The second of our interactive T.V. shows is about a dog named Blue and her human owner, who is the stupidest man on earth.  There have actually been two owners of Blue – who you notice gets her name in the title over him, despite being not only a dog, but a cartoon dog.  You can’t blame them, though, since Blue is arguably the brightest one.  Steve was first, before he left for “college”.  Personally, I don’t think he was ready for college.  Except maybe clown college.

Never fear, though, for Steve’s brother Joe steps in next.  I liked Joe a little better, because he was at least cuter, even if there was a vacancy behind those pretty eyes.   Unlike Dora, Steve and Joe – for simplification I’ll call them Stejoe – don’t use a map.  That’s way too complicated.  Instead they must search for clues; difficult, considering neither of them has one.  Blue leaves these clues all over the house and yard in the form of paw prints.  This would annoy the heck out of me, but I guess it is better than her leaving “presents” for us instead.

Clearly the dumbs runs in the family

Clearly the dumbs runs in the family

Blue starts the show by leaving clues for kids to follow in order to guess what she’s thinking.  Because unlike Lassie, she can’t convey this in yips.  Of course she can’t talk – she’s a dog.  Everything else can talk, though, including the mailbox, a clock, a bar of soap, a shovel, a pail, a sidetable drawer, and, naturally, the salt and pepper shakers (Mr.
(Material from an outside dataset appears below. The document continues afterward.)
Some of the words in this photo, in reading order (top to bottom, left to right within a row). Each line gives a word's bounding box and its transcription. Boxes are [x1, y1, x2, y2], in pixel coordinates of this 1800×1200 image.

Salt and Mrs. Pepper).  (By the way, these two got married and had a baby named Paprika.  Don’t ask.)

Get off my breakfast table this instant!

Get off my breakfast table this instant!

Blue leaves her clues on various objects, and Stejoe searches for them, often walking into walls, getting confused, and walking into the same wall again.  Not really, but this wouldn’t surprise me.   The clues are always out in plain sight, but somehow Stejoe just never sees them.  This frustrated my youngest daughter so much that by three she was shouting at the T.V. in frustration “It’s THERE.  Right THERE!  THERE!!!!”

The clue is WHERE now?

The clue is WHERE now?

Once Stejoe finally gets the hint, he writes down the clue on a notepad.  Because the guy can’t remember squat.  Actually, he draws it, because he’s also not so hot at reading or writing.  Along the way, he stops and talks to the inanimate objects, who give him advice like “Right in front of your face, you dork.”  You know it’s bad when you have less intelligence than the salt shaker.
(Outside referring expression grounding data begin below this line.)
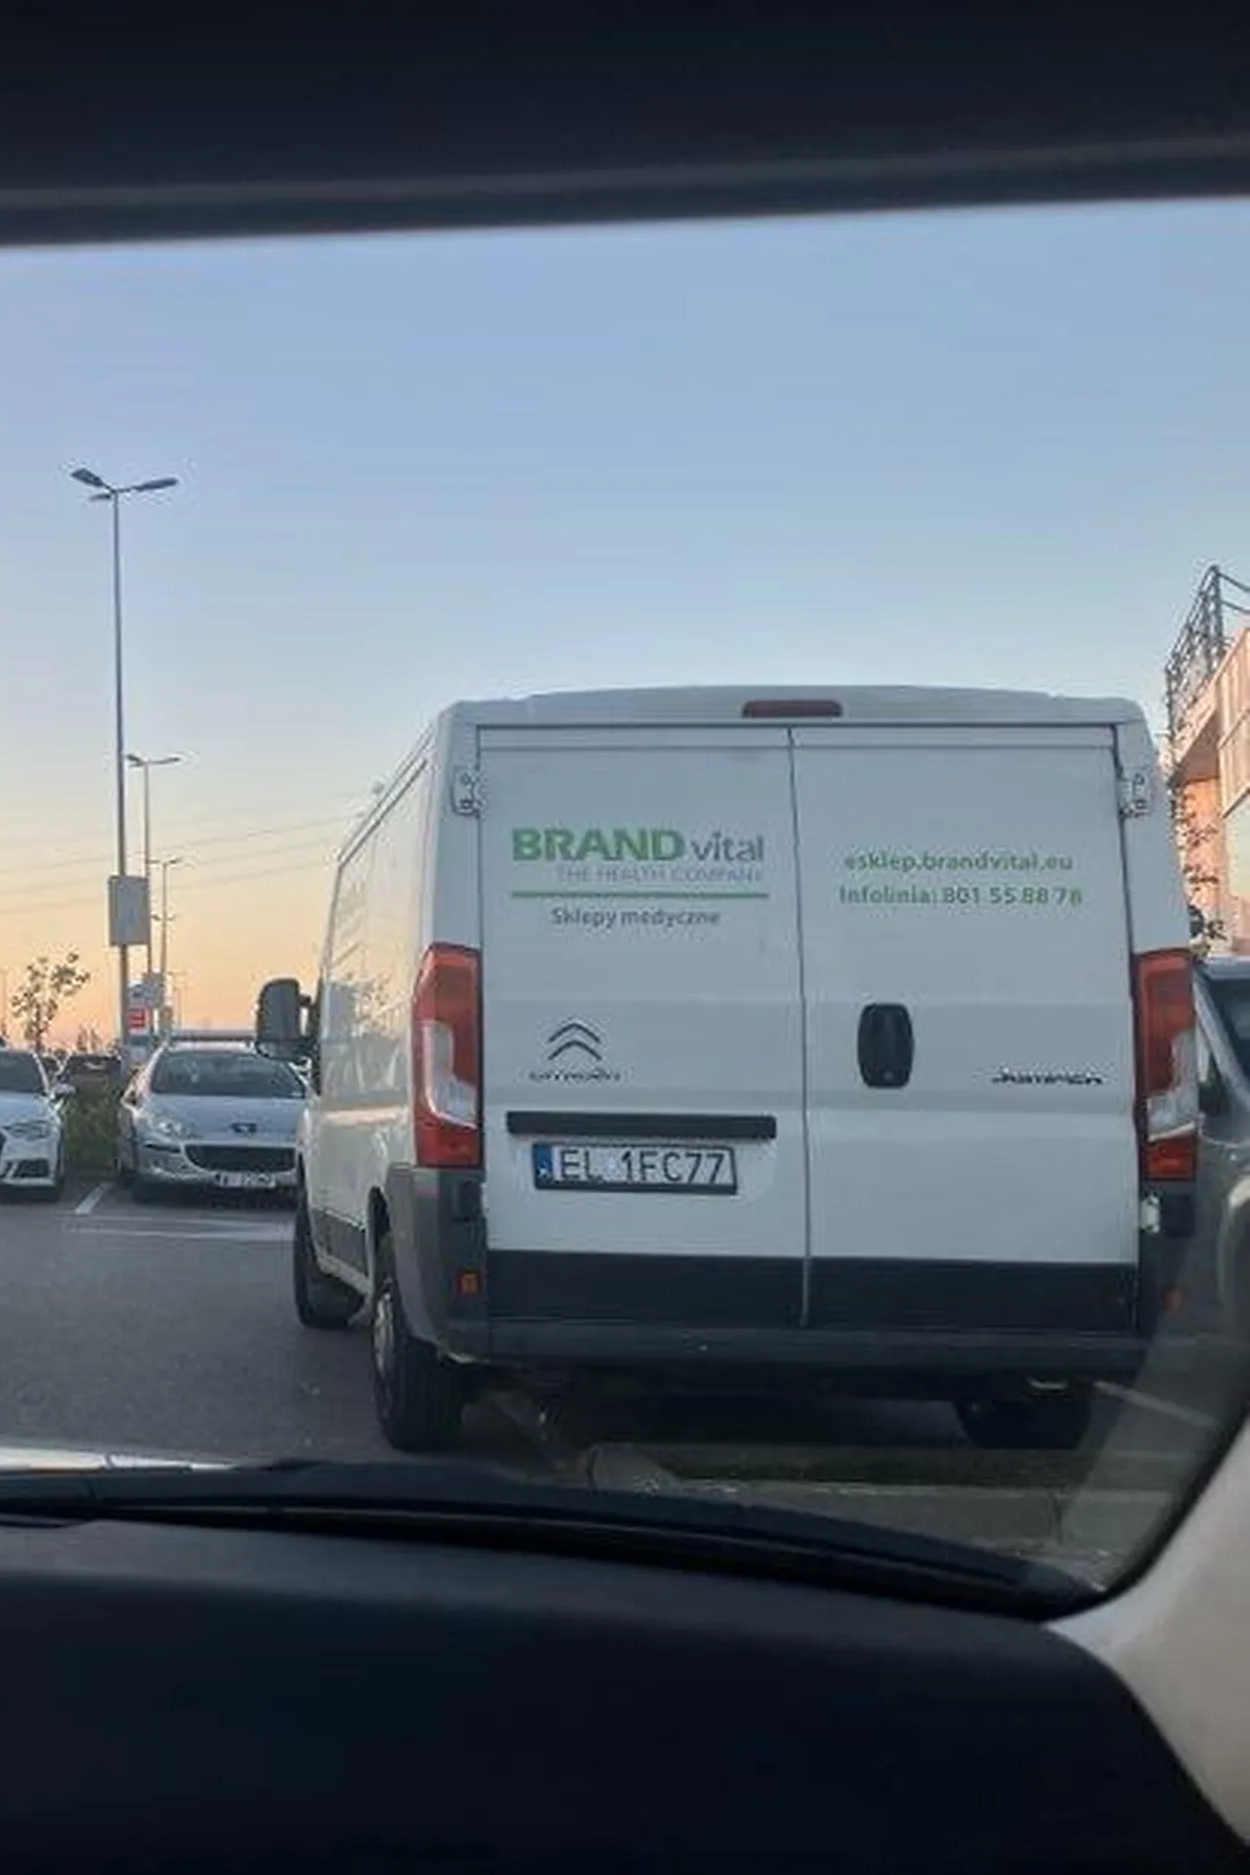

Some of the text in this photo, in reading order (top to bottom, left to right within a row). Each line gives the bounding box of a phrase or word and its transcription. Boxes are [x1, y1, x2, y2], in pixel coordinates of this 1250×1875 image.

[511, 827, 765, 863] BRAND vital
[839, 883, 936, 905] Infolinia:
[942, 885, 981, 906] 801
[989, 886, 1017, 906] 55
[1021, 886, 1049, 906] 88
[550, 906, 721, 929] Sklepy medyczne
[559, 1149, 726, 1185] EL 1FC77
Once Steve has gathered all the clues, he has kids help him guess the answer.  Because trust me, he would never, ever get there on his own.  One thing I’ll give him – he was always very polite, even when I answered his questions rather rudely.
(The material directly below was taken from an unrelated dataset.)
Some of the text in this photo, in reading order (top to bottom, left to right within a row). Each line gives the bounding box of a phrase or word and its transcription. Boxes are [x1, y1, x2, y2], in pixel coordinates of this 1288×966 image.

The concept of both shows is really not that bad.  It’s great to teach kids to look for clues and solve mysteries, and everyone needs to know where they’re going.  A few words of Spanish are nice too, for those moments when you must demand that a Spanish person jump.  But the repetition is hard on us parents, who spend most of our lives repeating things anyway, to no avail.  “Get your shoes.  Your shoes.  On your feet.  Your feet. They’re right there.  There!!!  Your shoes!” and so on.  So obviously repetition is not the answer, since it has never worked for me, so why further punish people?  Just get the kids a GPS and a game of Clue and be done with it.

                                                Final Analysis:

Repetition: Yes Yes Yes

Annoying songs: Yes

Forces interaction for self-preservation: Yes

                                                                  Didactic: Sing with me!